16/11/2025
Exciting Announcement from Uniplexity AI!
We are honoured to share that our research paper, “Building Multilingual AI Systems for African Businesses: GraphRAG & GNN-Based Fine-Tuning for English–Local Language Mapping”, has been selected for a Main Stage Presentation at the Deep Learning IndabaX Zambia 2025.
Urban Hotel, Lusaka
18–19 November 2025
This recognition is a major milestone for our team and for Zambia’s growing AI ecosystem. We extend our sincere gratitude to the Ubuntu AI Community , the Deep Learning Indaba Zambia Organising Committee, and everyone who has continuously supported our work and mission.
About the Research
African businesses communicate daily using a mix of English and local languages such as Bemba, Nyanja, Tonga, Lozi, and many others.

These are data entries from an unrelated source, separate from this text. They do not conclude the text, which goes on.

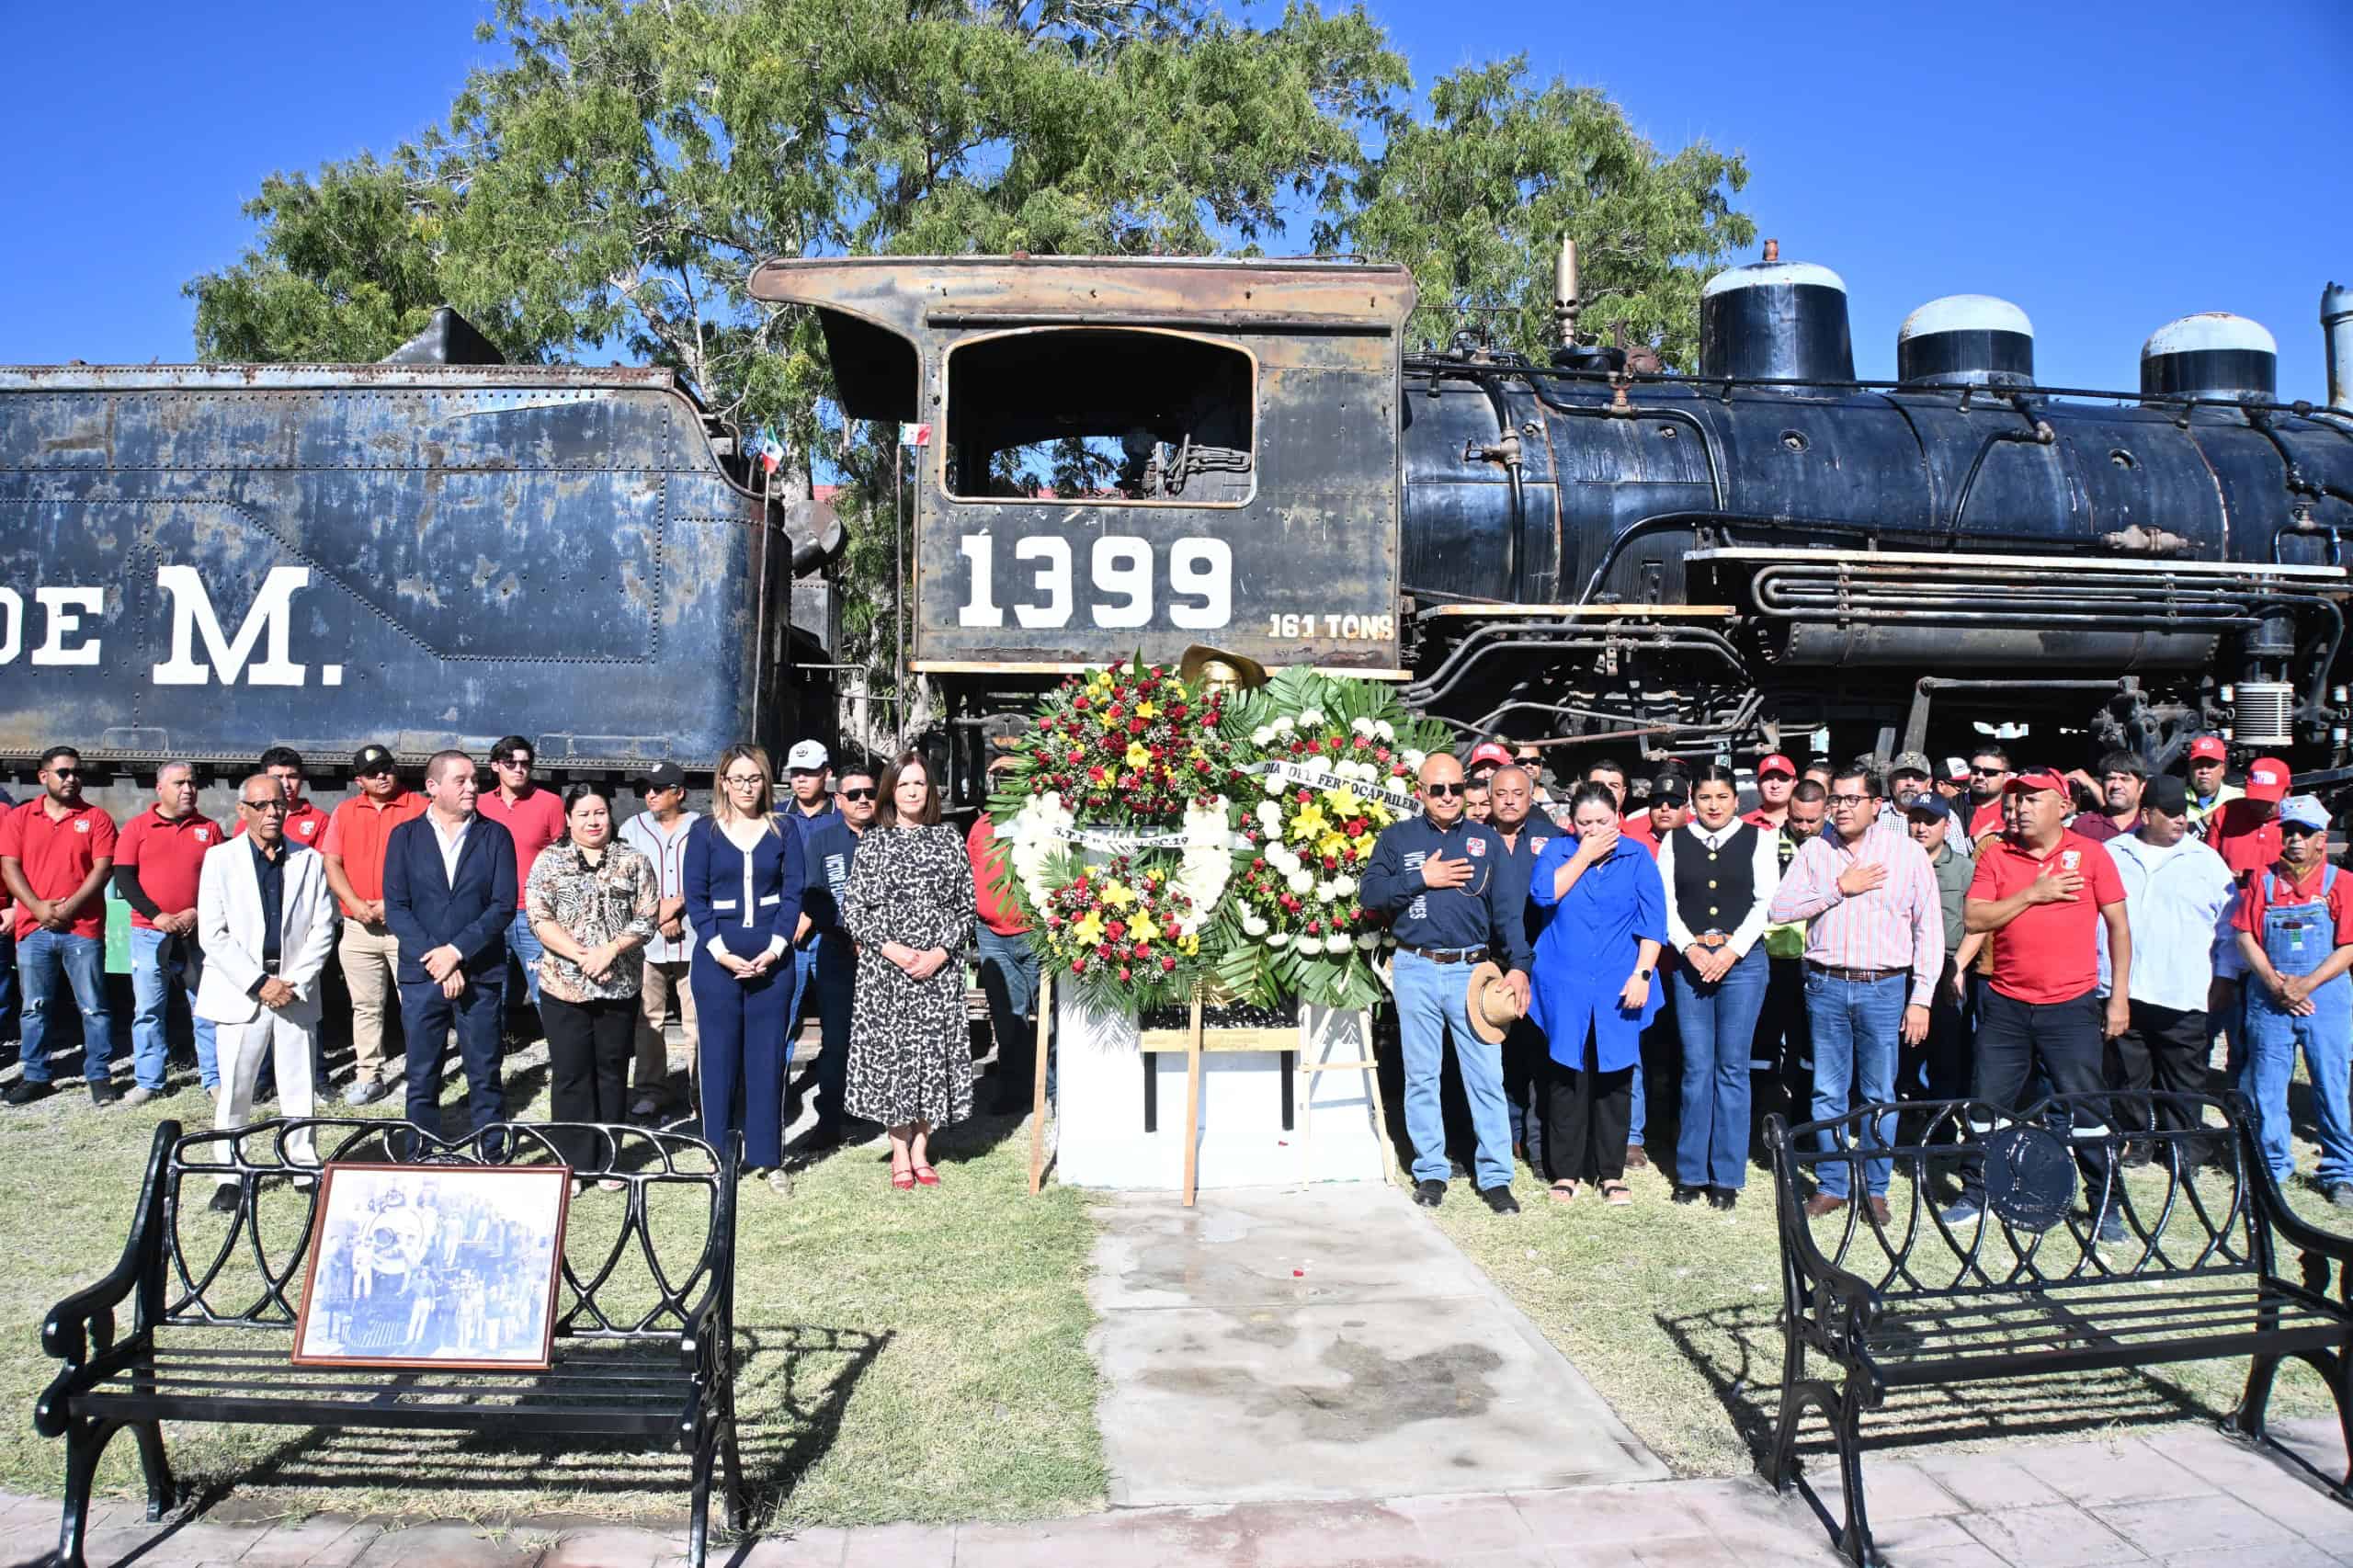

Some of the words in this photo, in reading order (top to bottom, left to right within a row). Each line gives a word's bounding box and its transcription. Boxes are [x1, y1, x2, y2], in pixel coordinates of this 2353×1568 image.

[958, 535, 1233, 630] 1399
[153, 564, 343, 687] M.
[1268, 613, 1315, 638] 161
[1324, 614, 1395, 641] TONS
[1263, 763, 1280, 774] DIA
[824, 853, 847, 883] VICTOR
[1404, 850, 1427, 874] VICT
[1408, 894, 1427, 920] ORES
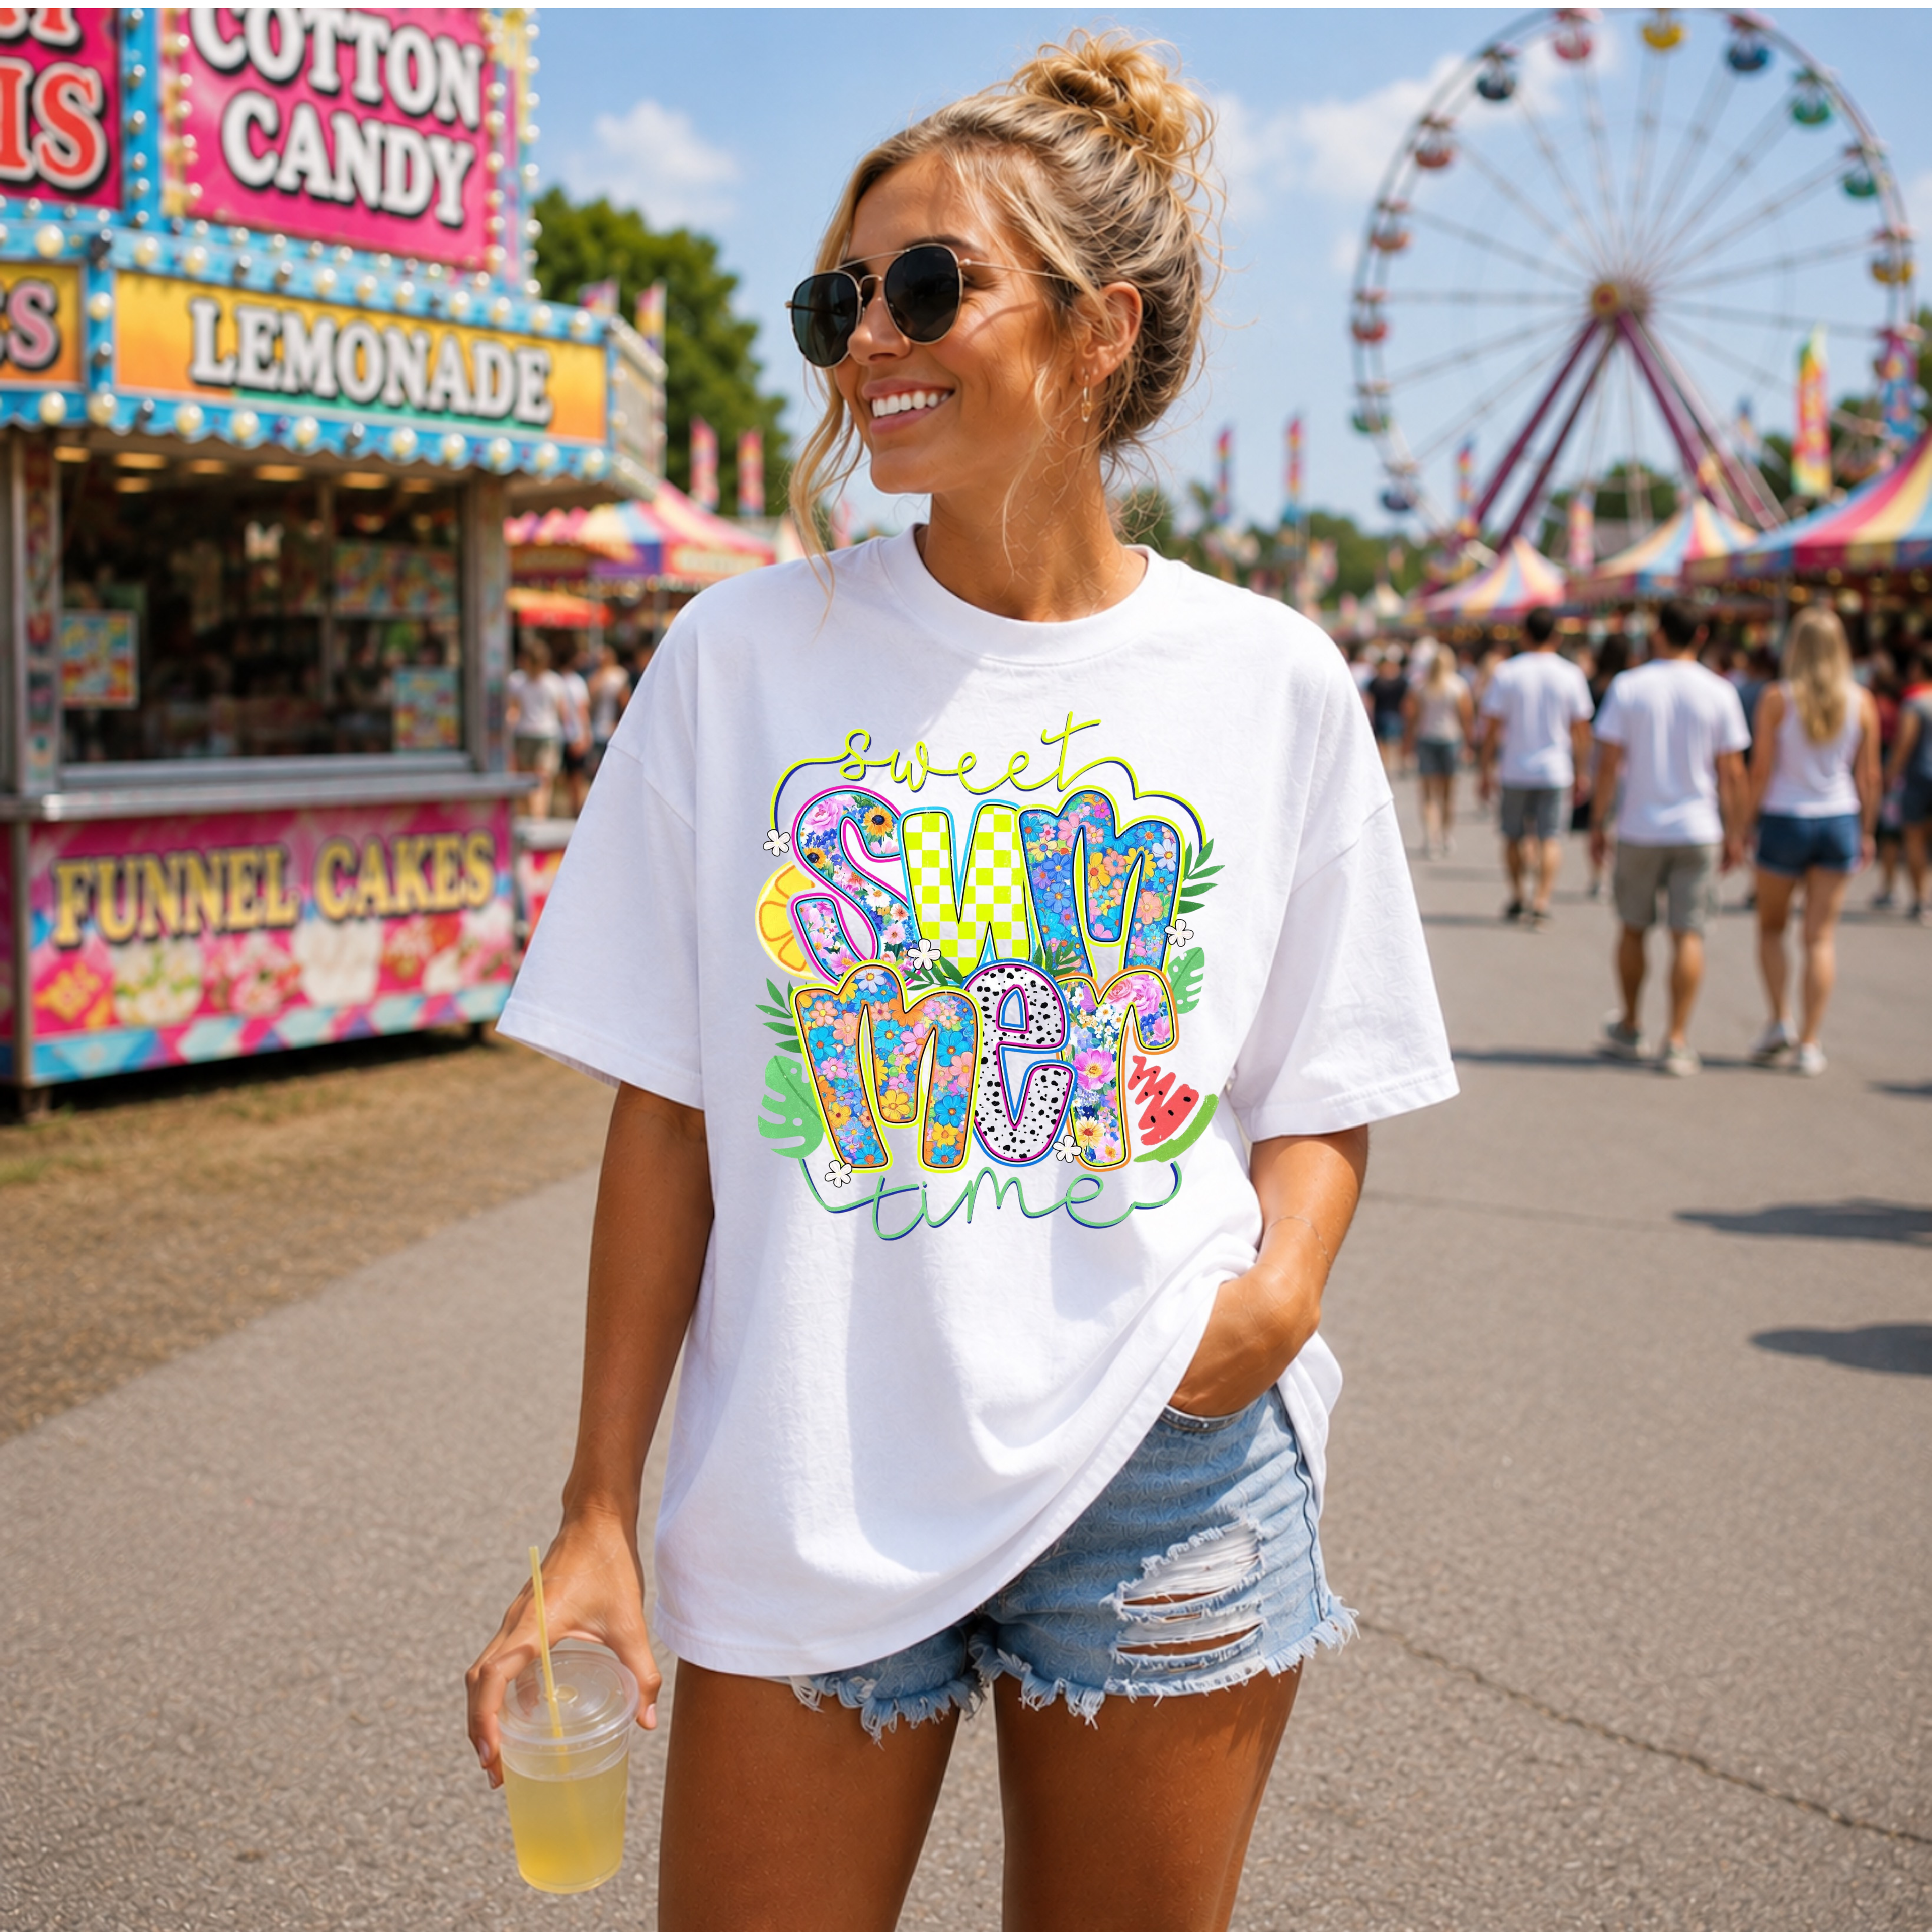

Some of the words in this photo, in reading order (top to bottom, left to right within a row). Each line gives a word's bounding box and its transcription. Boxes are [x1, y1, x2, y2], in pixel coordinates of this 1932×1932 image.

[189, 8, 483, 132] COTTON
[220, 89, 475, 228] CANDY
[190, 299, 552, 426] LEMONADE
[53, 843, 299, 948] FUNNEL
[314, 829, 496, 922] CAKES

Yet, most AI systems still struggle to understand these multilingual interactions especially the real-life code-switching that happens in customer service, commerce, and everyday business operations.
Our research introduces an innovative GraphRAG + GNN-powered multilingual AI architecture designed specifically for Africa:
Key Capabilities
✅ Accurate mapping between English, Bemba, and Nyanja
✅ Context-aware meaning interpretation beyond direct translation
✅ Up to 45% reduction in semantic errors
✅ 38% improvement in business query resolution (e.g., customer questions, product search)
✅ Optimized for low-compute hardware, making it accessible for African SMEs
By combining Knowledge Graphs, Graph Neural Networks, and reasoning-tuned LLMs, we built a system that helps African businesses communicate more effectively and automate services across languages.
Why This Work Matters
Africa has more than 2,000 languages, yet mainstream AI is still predominantly built for English-speaking environments.
This work contributes to:
• Inclusive AI that understands African languages
• Local-language NLP for practical business environments
• Affordable, low-resource AI innovation
• Tools SMEs can actually deploy and benefit from
Our mission at Uniplexity AI is simple:
To build AI systems that understand Africa in our own languages, with our own context, and for our own economic growth.